======== THE INPUT ========
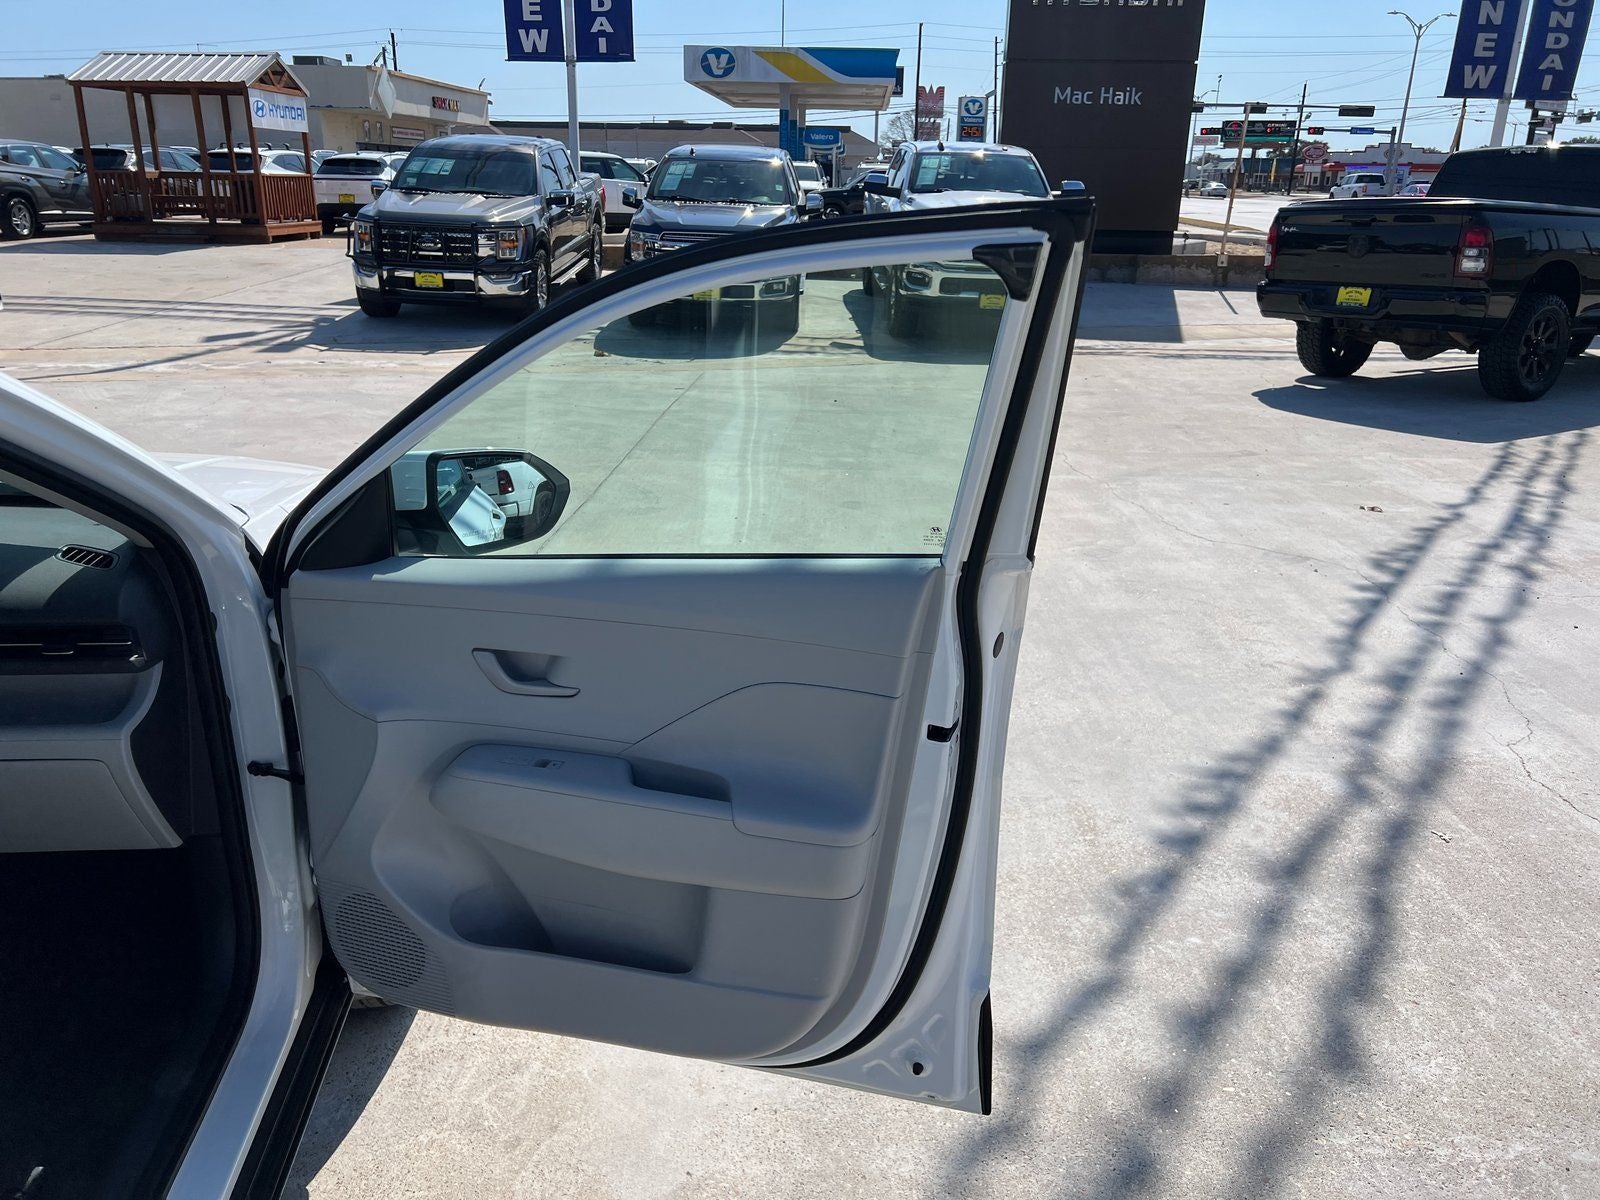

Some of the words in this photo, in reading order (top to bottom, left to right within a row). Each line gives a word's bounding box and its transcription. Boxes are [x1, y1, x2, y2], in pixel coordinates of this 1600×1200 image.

[1464, 0, 1506, 90] NEW
[1053, 86, 1093, 105] Mac
[1099, 86, 1144, 105] Haik
[268, 103, 306, 121] HYUNDAI
[810, 133, 834, 141] Valero
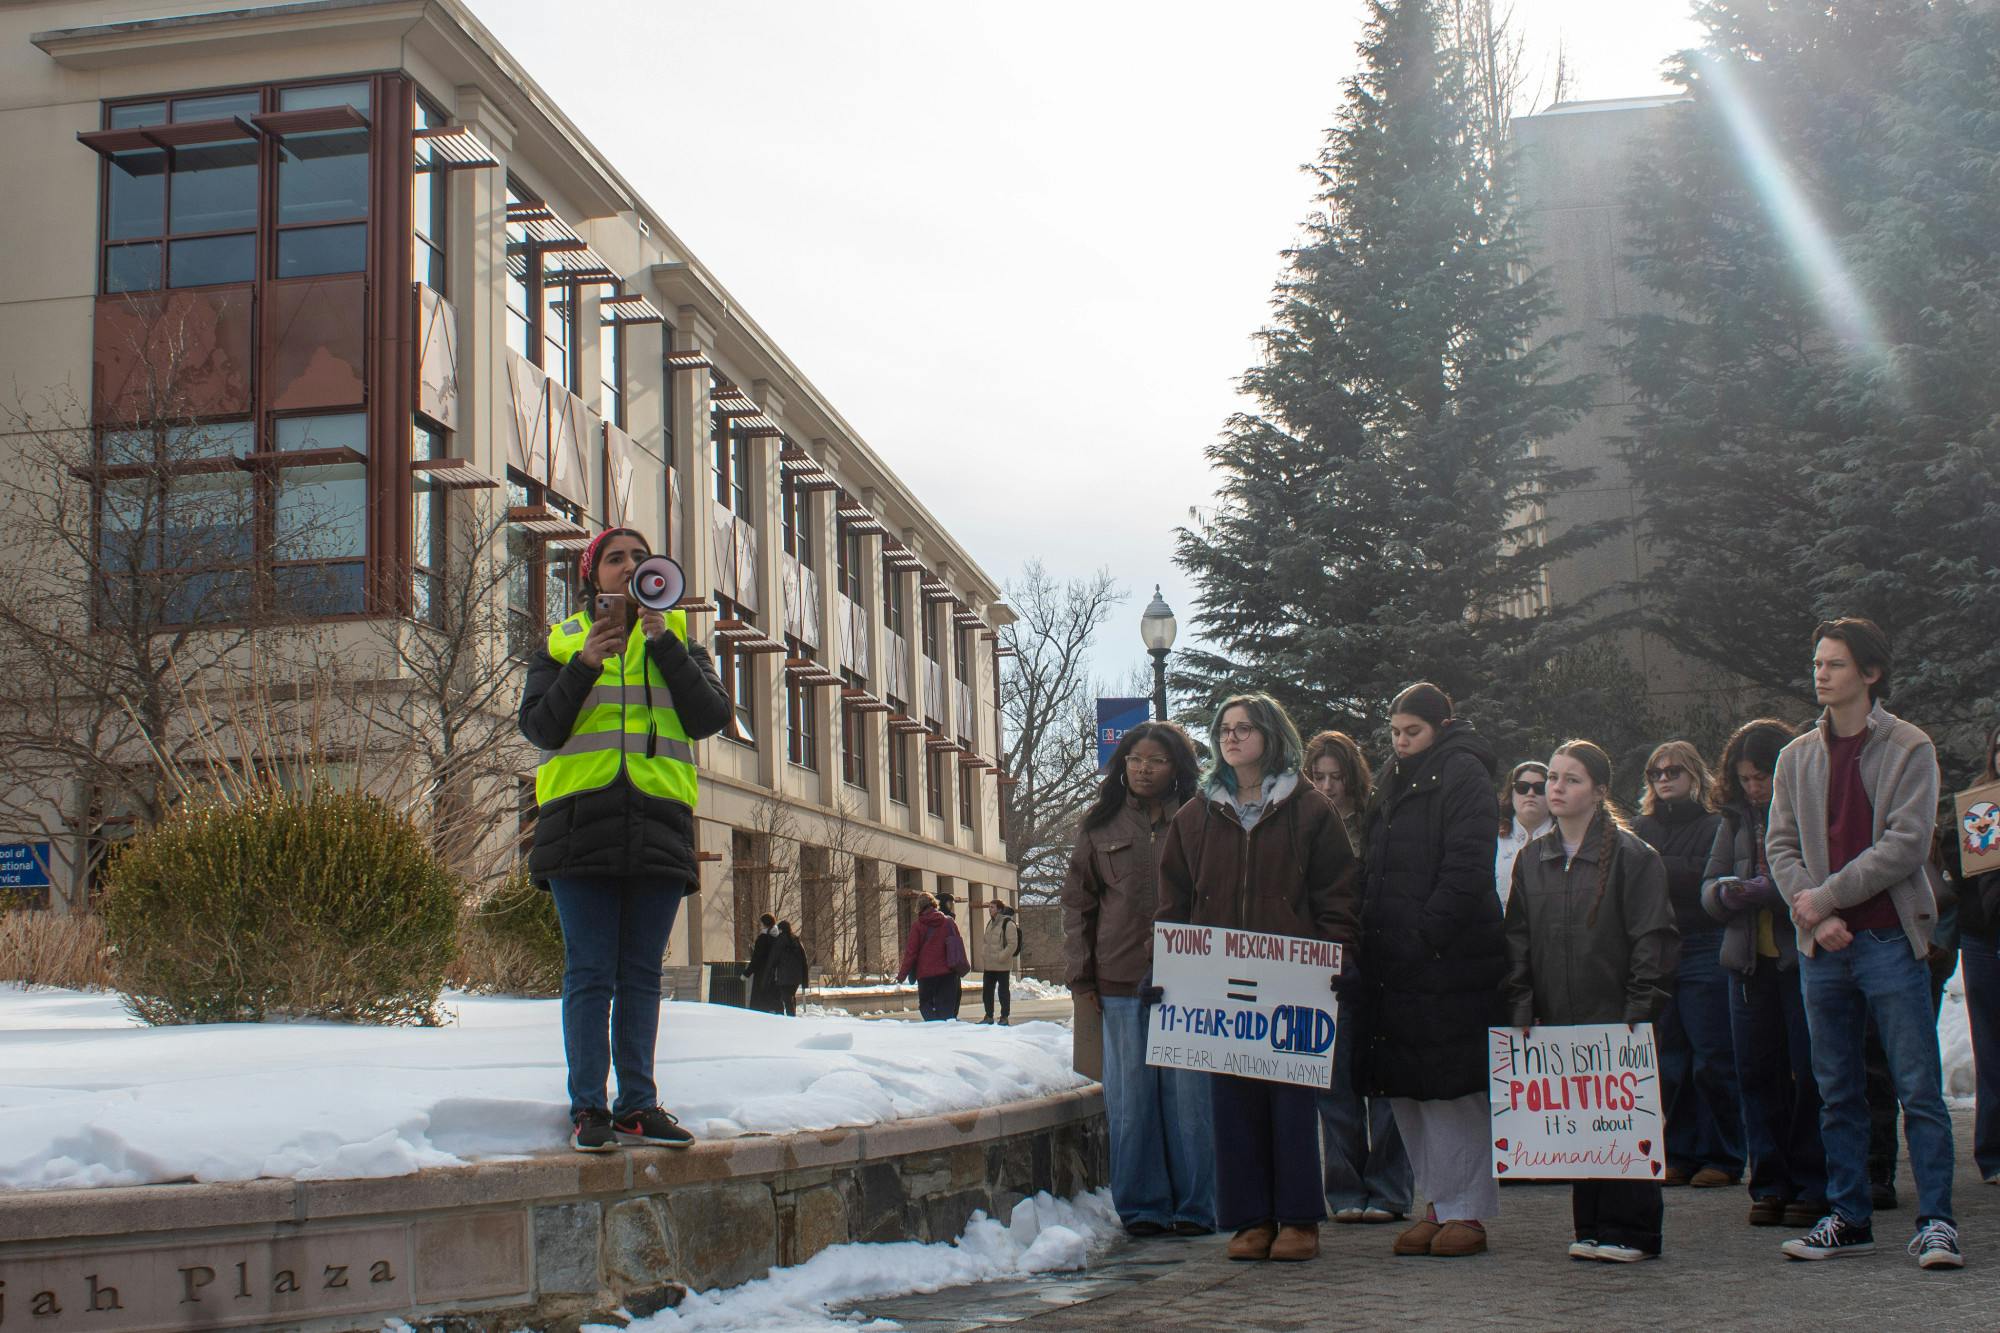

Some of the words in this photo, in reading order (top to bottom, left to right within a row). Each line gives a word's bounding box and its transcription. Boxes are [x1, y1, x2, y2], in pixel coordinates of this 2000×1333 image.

[15, 848, 25, 858] of
[1225, 932, 1284, 961] MEXICAN
[1158, 1004, 1268, 1040] 11-YEAR-OLD
[1270, 1004, 1335, 1054] CHILD
[1152, 1046, 1182, 1065] FIRE
[1186, 1048, 1217, 1069] EARL
[1224, 1052, 1279, 1076] ANTHONY
[1286, 1062, 1329, 1085] WAYNE
[1570, 1032, 1611, 1074] isn't
[1618, 1032, 1655, 1069] about
[1509, 1071, 1638, 1112] POLITICS
[1544, 1115, 1577, 1136] it's
[1592, 1114, 1634, 1132] about
[1508, 1139, 1650, 1174] humanity
[177, 1258, 396, 1305] Plaza
========
**EXERCISE DIRECTIONS:** Return every record exactly. Pictures stay out.

**ANSWER BOX:**
Some of the words in this photo, in reading order (top to bottom, left to right within a row). Each line gives a word's bounding box and its transcription. Boxes are [x1, y1, x2, y2], in pixel coordinates of this 1600×1200 image.

[1464, 0, 1506, 90] NEW
[1053, 86, 1093, 105] Mac
[1099, 86, 1144, 105] Haik
[268, 103, 306, 121] HYUNDAI
[810, 133, 834, 141] Valero

Some of the words in this photo, in reading order (top to bottom, left to right within a row). Each line gives a word's bounding box and its transcription. Boxes are [x1, y1, x2, y2], in pixel coordinates of this 2000×1333 image.

[15, 848, 25, 858] of
[1225, 932, 1284, 961] MEXICAN
[1158, 1004, 1268, 1040] 11-YEAR-OLD
[1270, 1004, 1335, 1054] CHILD
[1152, 1046, 1182, 1065] FIRE
[1186, 1048, 1217, 1069] EARL
[1224, 1052, 1279, 1076] ANTHONY
[1286, 1062, 1329, 1085] WAYNE
[1570, 1032, 1611, 1074] isn't
[1618, 1032, 1655, 1069] about
[1509, 1071, 1638, 1112] POLITICS
[1544, 1115, 1577, 1136] it's
[1592, 1114, 1634, 1132] about
[1508, 1139, 1650, 1174] humanity
[177, 1258, 396, 1305] Plaza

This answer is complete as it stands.